El Hierro, the smallest and most remote Spanish Canary island, runs on completely renewable energy, a combination of wind and hydropower. It has a wind farm with an 11.5-megawatt (MW) capacity, and 11.32 MW pumped storage for hydroelectricity which powers the island’s domestic and industrial system, including a desalination plant.
On the one hand, the United States, and developing countries such as Kenya, the Philippines, and Uganda are at the forefront of geothermal energy, among the countries cited during the International Solar Energy Society (ISES)-organized forum on case studies of integrated technologies toward 100 percent renewables held on Monday in Le Bourget, Paris, France.
A global study shows that for 2013 alone, renewable energy accounted for at least 19 percent of the total global final energy consumption and this rate has been growing ever since.
Renewables 2015 Global Status Report, published by global energy policy multi-stakeholder network REN21, accounted this growth to several factors.
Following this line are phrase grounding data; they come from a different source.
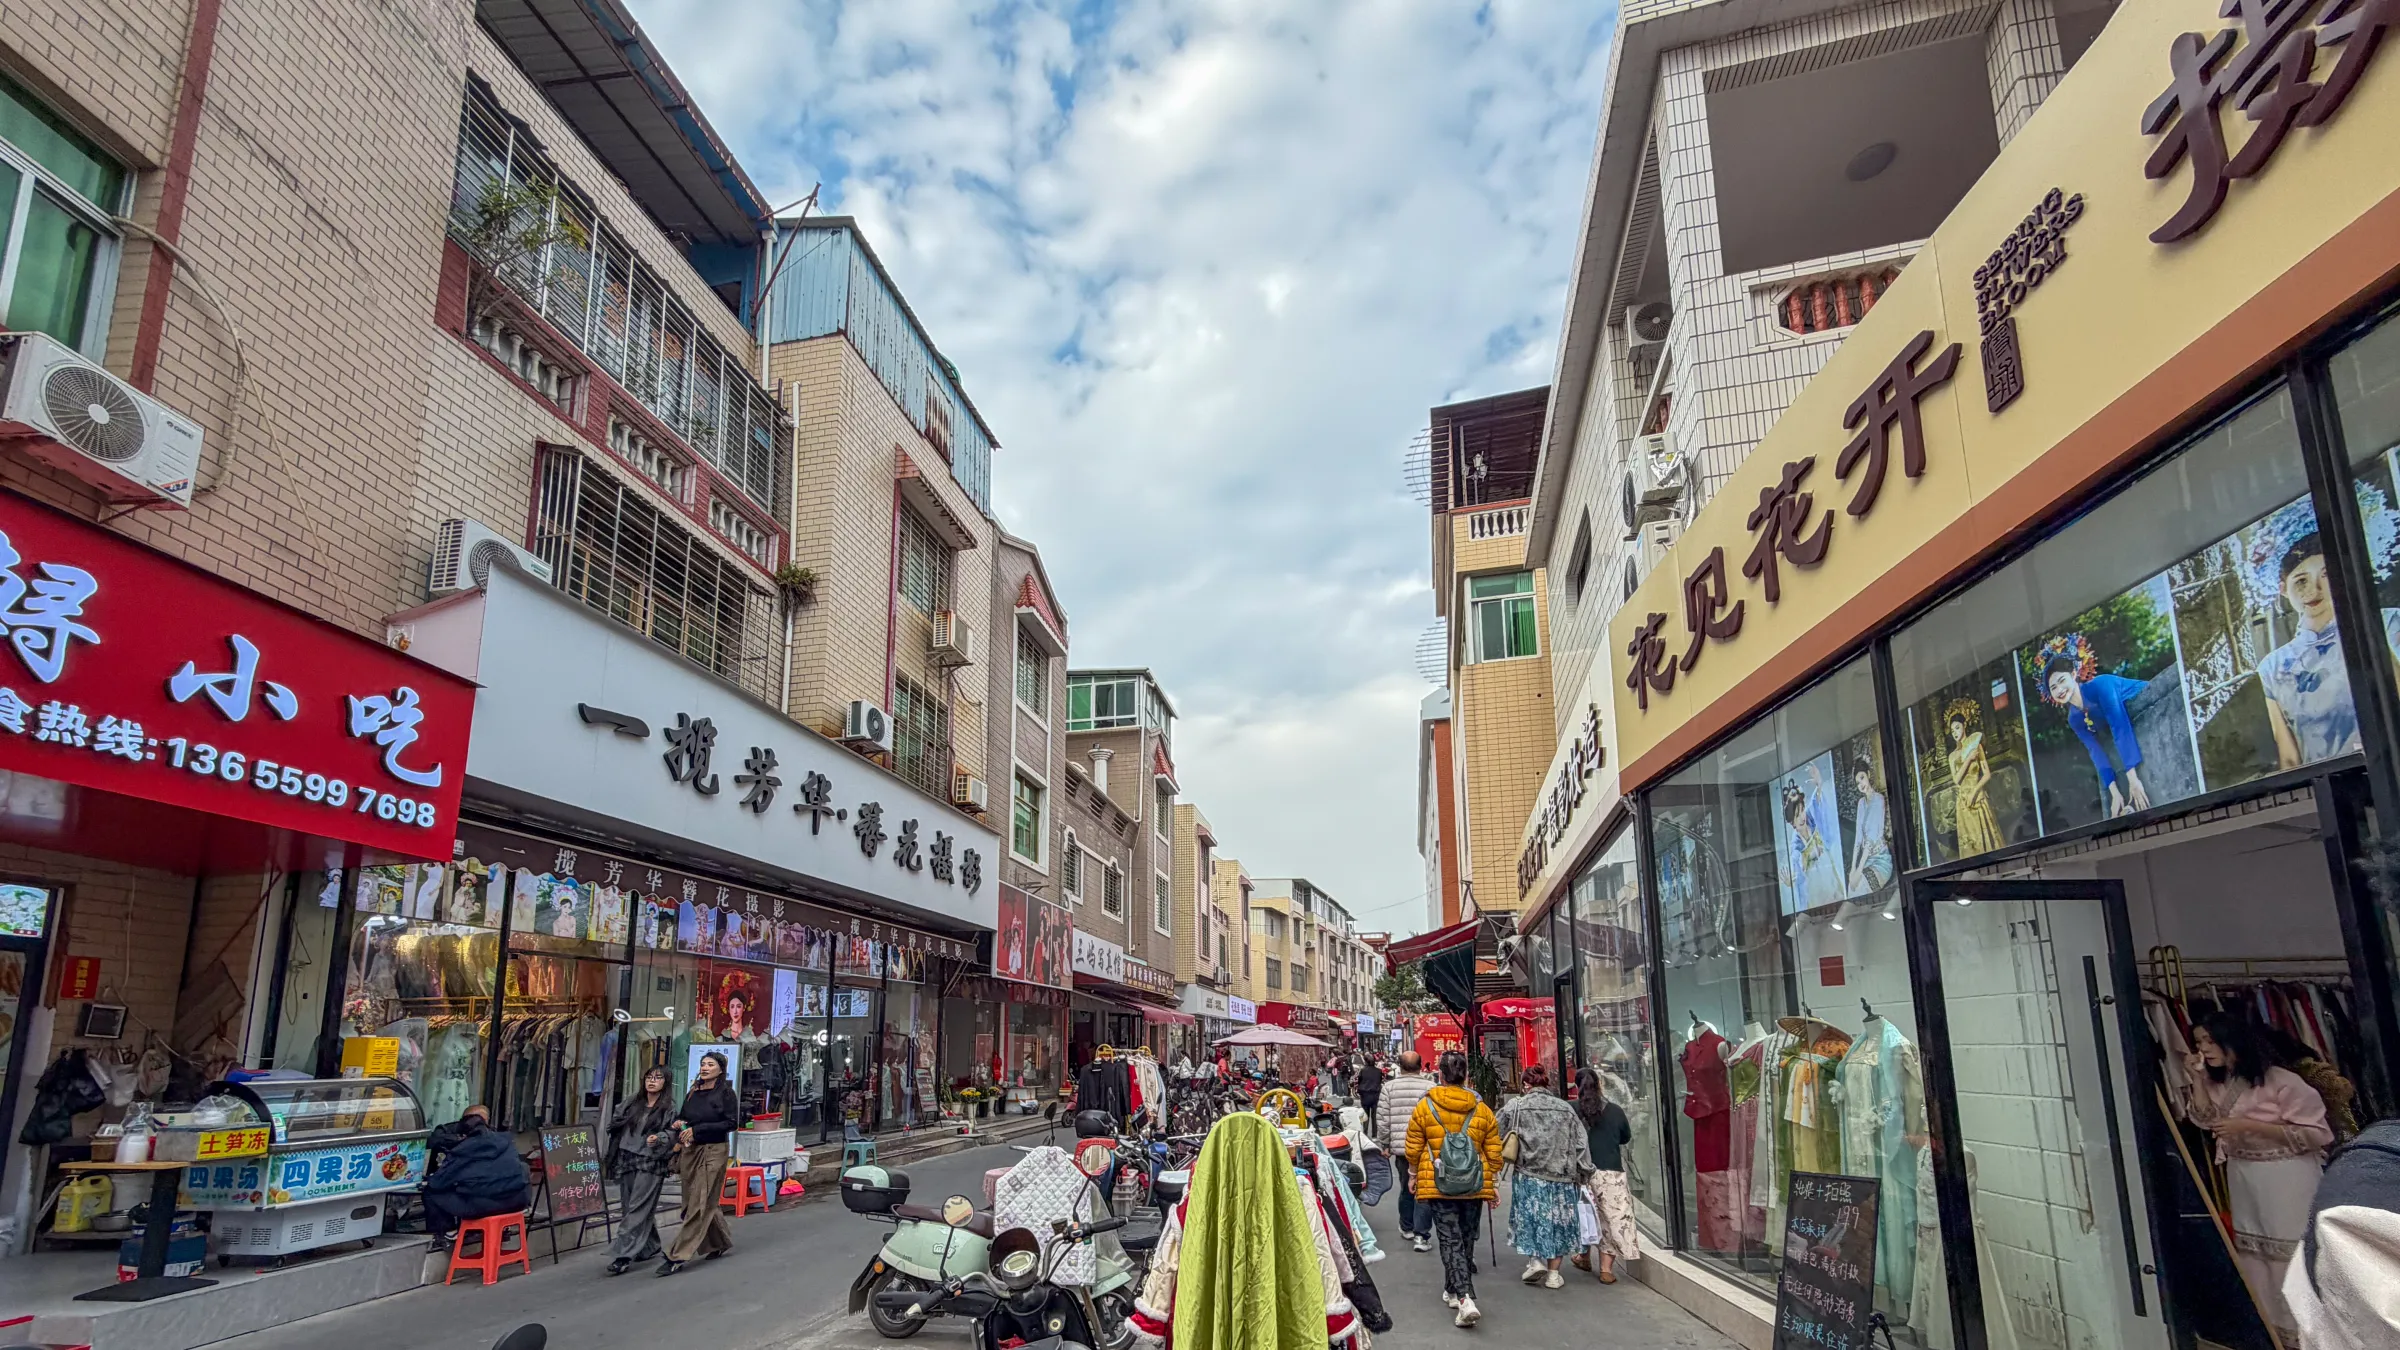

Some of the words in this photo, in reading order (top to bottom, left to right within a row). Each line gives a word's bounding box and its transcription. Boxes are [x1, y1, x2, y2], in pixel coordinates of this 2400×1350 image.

[1972, 187, 2063, 290] SEEING
[1978, 236, 2068, 336] BLOOM
[1626, 329, 1963, 710] 花见花开
[253, 758, 348, 807] 5599
[357, 786, 436, 828] 7698
[503, 847, 786, 918] 一揽芳华簪花摄影
[188, 1166, 259, 1190] 四果汤
[200, 1131, 268, 1155] 土笋冻
[282, 1153, 373, 1190] 四果汤
Among them are energy-support policies, and the increasing cost-competitiveness of renewable energy.
World Biodiversity Association President Heinz Kopetz said that renewables can help reach the less than 2 degrees C target global warming.
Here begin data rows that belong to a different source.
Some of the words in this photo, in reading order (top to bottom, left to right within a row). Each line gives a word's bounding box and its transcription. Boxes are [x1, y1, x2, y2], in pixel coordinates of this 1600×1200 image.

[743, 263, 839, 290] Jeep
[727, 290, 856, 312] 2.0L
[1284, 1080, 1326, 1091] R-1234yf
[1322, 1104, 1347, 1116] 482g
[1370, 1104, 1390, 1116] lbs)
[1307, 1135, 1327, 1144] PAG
Synergies of renewable energies, such as the example of El Hierro, among others, leads to improved energy efficiency, he added.
Meanwhile, the Lima to Paris Action Agenda also emphasized the importance of renewable energy and energy efficiency as means to address climate change. A number of countries expressed how they are utilizing renewable energy to help accelerate the transition from fossil fuel-dependent economies to fully renewable energy dependent economies.
Africa launched a 300-GW renewable energy initiative by 2020, with demonstration of support and pledges from its various regions.
During the same meeting, the Global Geothermal Alliance was also launched which set to achieve 500 percent increase in worldwide installed capacity for geothermal electricity by 2030.
Yet, Climate Action Network members remain reluctant in taking these initiatives as a victory.
“(L)ooking at the proposed COP21 text as well as at the INDCs, negotiators and national governments are still overlooking the necessity to transition towards 100% renewable energy to keep global warming below 1.5 degrees. The good news in fact comes from subnational governments: 1000 mayors from across the world are ready to lead the 100% RE movement,” said World Future Council senior program manager for climate and energy Anna Leidreiter in a statement.